Russia and cryptos
Russia has been increasingly interested in cryptocurrency, with President Vladimir Putin recently ordering the development of a national digital currency. Russia‘s Central Bank has also been working on a digital currency, although it is not yet clear when this will be launched. There are several reasons for Russia’s interest in cryptocurrency. One is that it could help to circumvent Western sanctions, which have been imposed on Russia in response to its annexation of Crimea and involvement in the conflict in Eastern Ukraine. Another reason is that crypto could help to boost Russia’s economy, which has been struggling in recent years.
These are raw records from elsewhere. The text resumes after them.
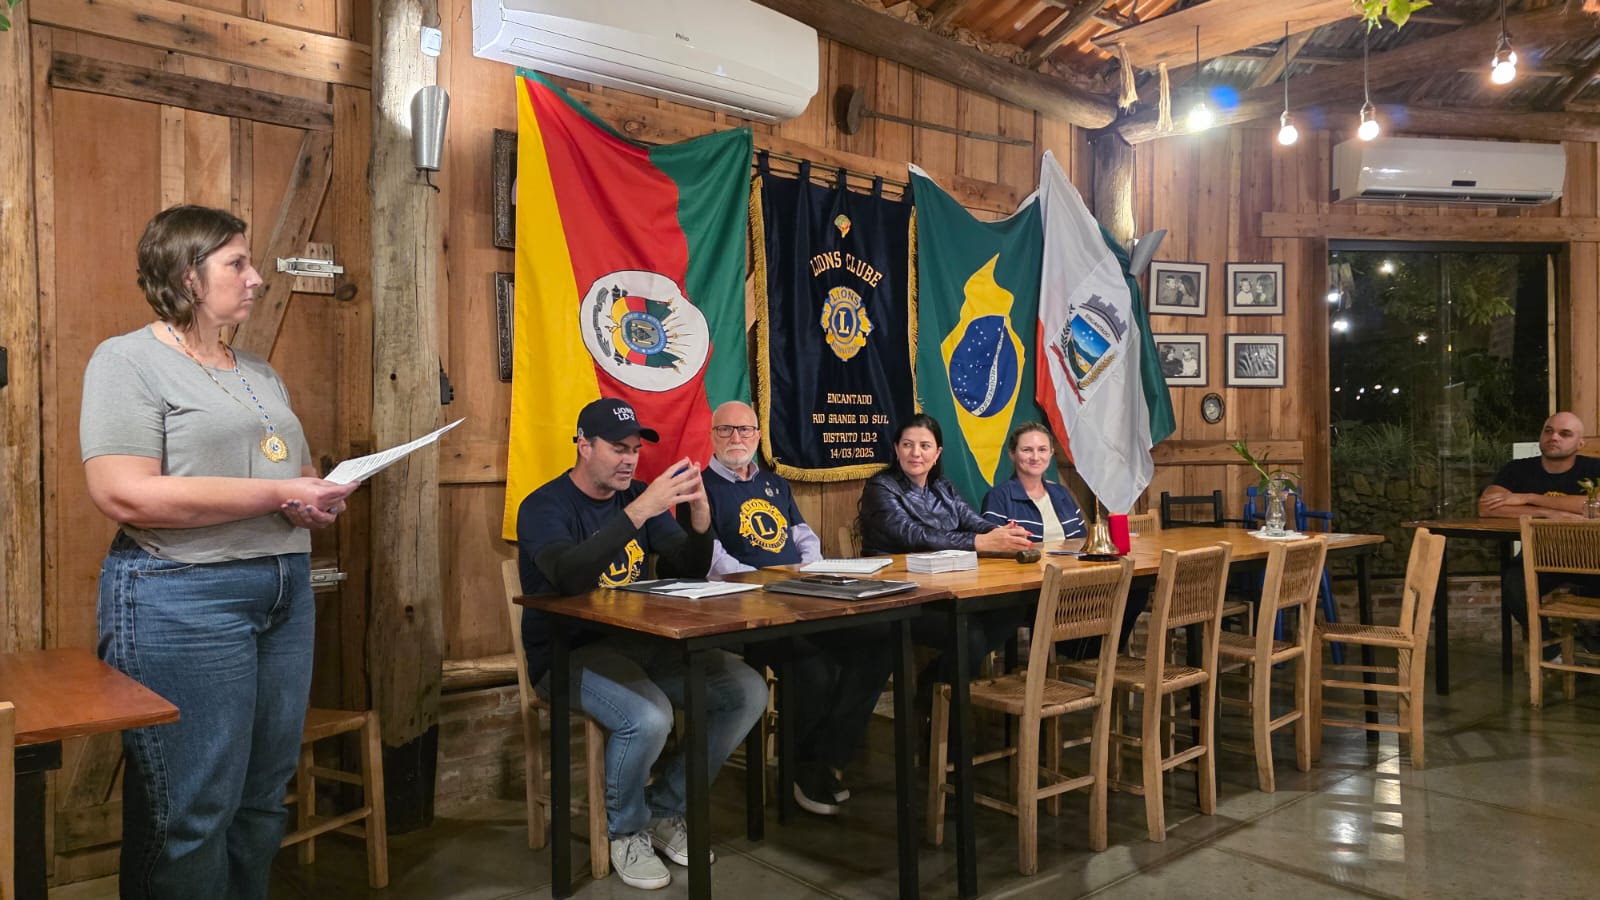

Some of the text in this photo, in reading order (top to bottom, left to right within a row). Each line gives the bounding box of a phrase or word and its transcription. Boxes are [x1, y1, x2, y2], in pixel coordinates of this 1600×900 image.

[809, 250, 883, 288] LIONS CLUBE
[829, 289, 861, 307] LIONS
[838, 310, 850, 334] L
[827, 393, 873, 405] ENCANTADO
[812, 413, 889, 425] RIO GRANDE DO SUL
[823, 432, 878, 443] DISTRITO LD-2
[830, 447, 875, 459] 14/03/2025
[743, 501, 770, 513] LIONS
[753, 515, 775, 536] L
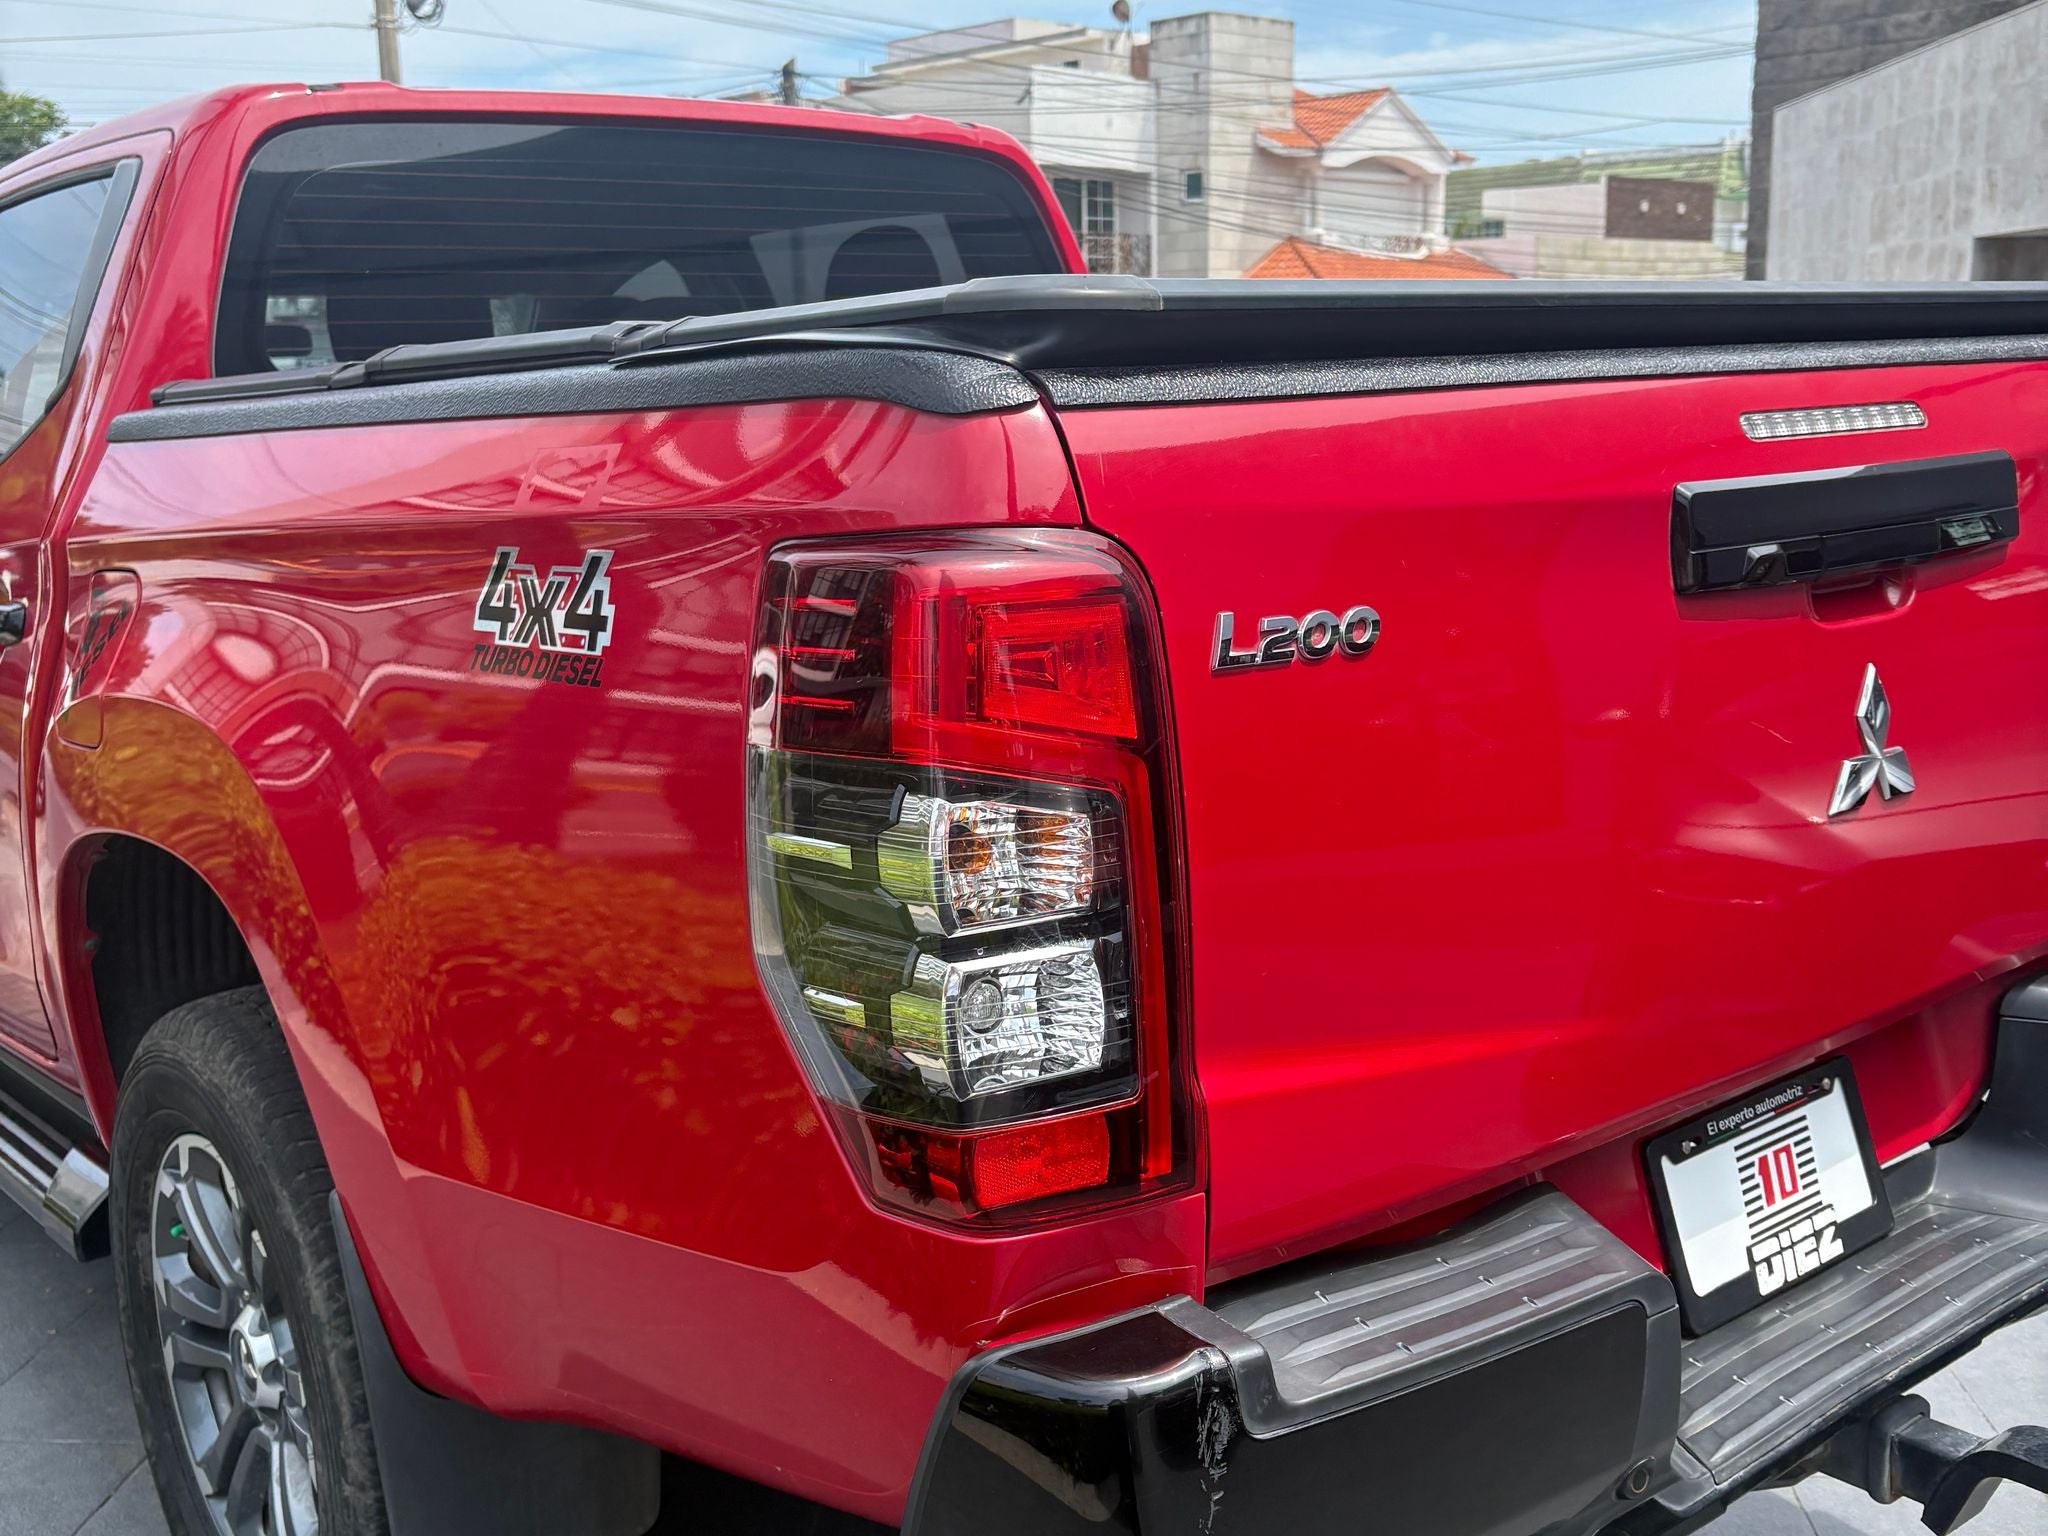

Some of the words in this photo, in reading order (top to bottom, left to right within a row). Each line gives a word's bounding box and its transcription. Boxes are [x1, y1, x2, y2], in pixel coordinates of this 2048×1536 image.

Finally, digital currency could also help to increase Russia’s anonymity and, as a result, its power on the global stage.
Some readers might react to the title of this piece, ‘Russia says crypto is “safe alternative” for cross border payments‘, found in Coinjournal, with a ‘sure, what else would Russia say’ type of reply.  Russia has been under heavy sanctions from various international payments systems since the invasion of Ukraine and so funds movement across borders have been restricted for the largest banks (save for energy requirements).  So, when the Russian Prime minister says that cryptos can be a ‘safe alternative’ for cross-border payments one must keep that statement in the proper perspective.
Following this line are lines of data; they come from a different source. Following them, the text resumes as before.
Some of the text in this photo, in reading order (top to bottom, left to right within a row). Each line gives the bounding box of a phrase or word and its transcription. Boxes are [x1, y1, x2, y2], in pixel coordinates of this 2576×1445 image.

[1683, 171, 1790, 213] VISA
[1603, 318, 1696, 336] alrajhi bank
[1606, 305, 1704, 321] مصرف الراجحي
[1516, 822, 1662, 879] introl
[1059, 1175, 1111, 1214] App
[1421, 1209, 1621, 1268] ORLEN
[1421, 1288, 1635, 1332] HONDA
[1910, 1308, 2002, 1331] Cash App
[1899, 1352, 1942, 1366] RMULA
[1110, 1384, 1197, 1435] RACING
‘While on one level it feels silly to talk about cryptocurrencies in Russia when there is a literal war going on, this is a crypto site….In that context, some very interesting developments have come out of Russia over the last day. Russian Prime Minister Mikhail Mishustin declared cryptocurrencies could be a “safe alternative” for cross-border payments….“We need to intensively develop innovative areas, including the adoption of digital assets. This is a safe alternative for all parties that can guarantee uninterrupted payment for the supply of goods from abroad and for export.”
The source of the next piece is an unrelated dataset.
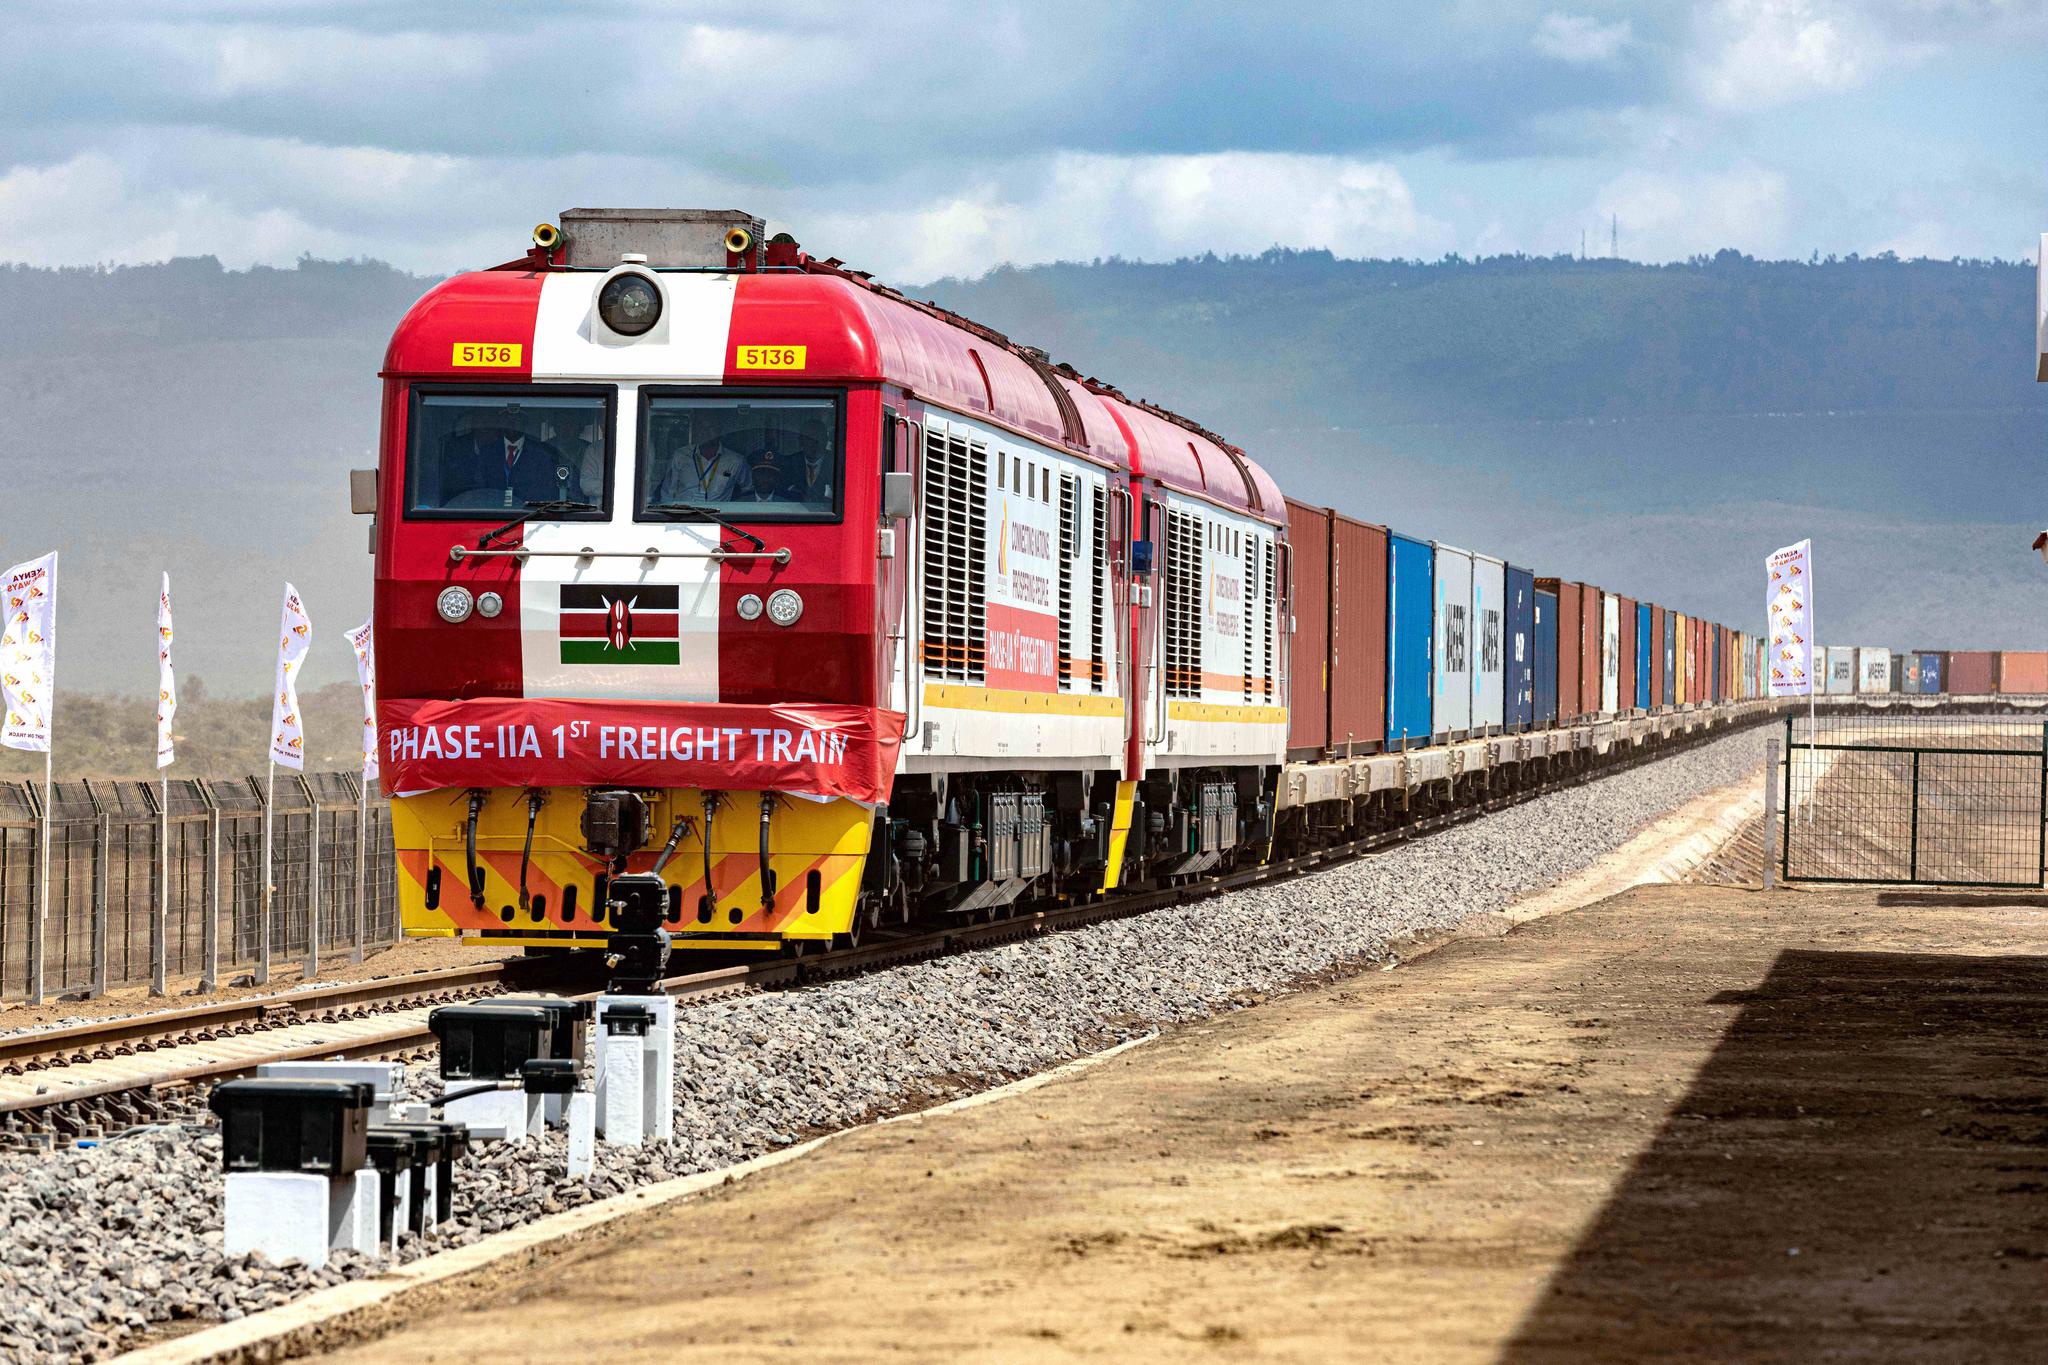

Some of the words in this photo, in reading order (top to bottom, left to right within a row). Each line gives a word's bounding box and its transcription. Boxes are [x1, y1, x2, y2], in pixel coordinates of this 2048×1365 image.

The author goes on to mention that Iran also made a similar statement. It’s rather expected since that country has been sanctioned for years, given the nuclear program.  But the key point is the mainstreaming of bitcoin, as an example, which is used as an example given remittance costs in El Salvador, where the country is a heavy user.  The issue for larger transactions of course is the volatility of bitcoin and other cryptos, so we’ll see where this goes.

This brought up what can at times be a polarising subject – the use of crypto as a potential medium to evade such sanctions. These comments by Mishustin referring to crypto as a “safe alternative” will do nothing to dampen that debate….But it does demonstrate the power of crypto. I saw this first hand in my trip to El Salvador last month, where people spoke of the advantages Bitcoin offered regarding remittances. El Salvador is in the top 10 countries in the world for remittances as a portion of GDP, and the average fee on such remittances is a crazy 6.5%….’Cutting these fees out through using Bitcoin can be a huge plus to those receiving money from loved ones abroad. In Russia and Iran’s case, while remittances will be aided too, they are not as big a factor as they are for El Salvador. In their cases, the massive boon is the enhanced ability to evade sanctions.’